■ Exercise goal ■
Copy every record below exactly, leaving out any pictures.

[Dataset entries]
● ● ● ● ●

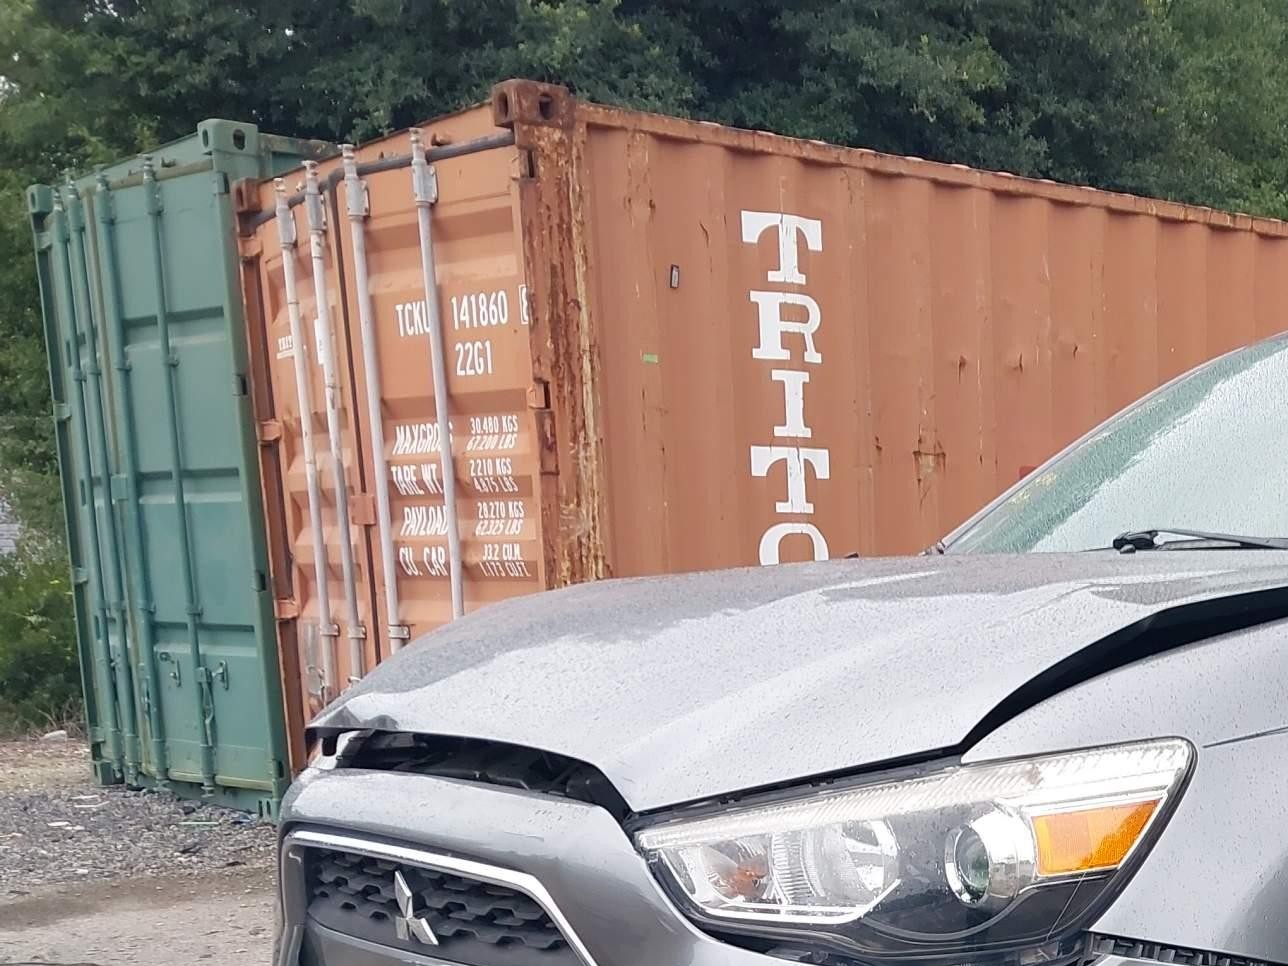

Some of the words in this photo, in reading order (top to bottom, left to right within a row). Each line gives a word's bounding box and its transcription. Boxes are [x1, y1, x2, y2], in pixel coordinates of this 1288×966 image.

[395, 300, 430, 337] TCKU
[451, 290, 509, 330] 141860
[455, 340, 493, 376] 22G1
[741, 210, 830, 566] TRITO
[470, 416, 499, 434] 30.480
[501, 415, 518, 433] KGS
[499, 433, 518, 449] LBS
[391, 465, 424, 495] TARE
[496, 457, 512, 475] KGS
[400, 505, 449, 536] PAYLOAD
[508, 501, 524, 518] KGS
[505, 519, 523, 535] LBS

● ● ● ● ●

■ Expected answer ■
Some of the words in this photo, in reading order (top to bottom, left to right within a row). Each line gives a word's bounding box and its transcription. Boxes are [x1, y1, x2, y2], in pixel coordinates of this 1288×966 image.

[395, 300, 430, 337] TCKU
[451, 290, 509, 330] 141860
[455, 340, 493, 376] 22G1
[741, 210, 830, 566] TRITO
[470, 416, 499, 434] 30.480
[501, 415, 518, 433] KGS
[499, 433, 518, 449] LBS
[391, 465, 424, 495] TARE
[496, 457, 512, 475] KGS
[400, 505, 449, 536] PAYLOAD
[508, 501, 524, 518] KGS
[505, 519, 523, 535] LBS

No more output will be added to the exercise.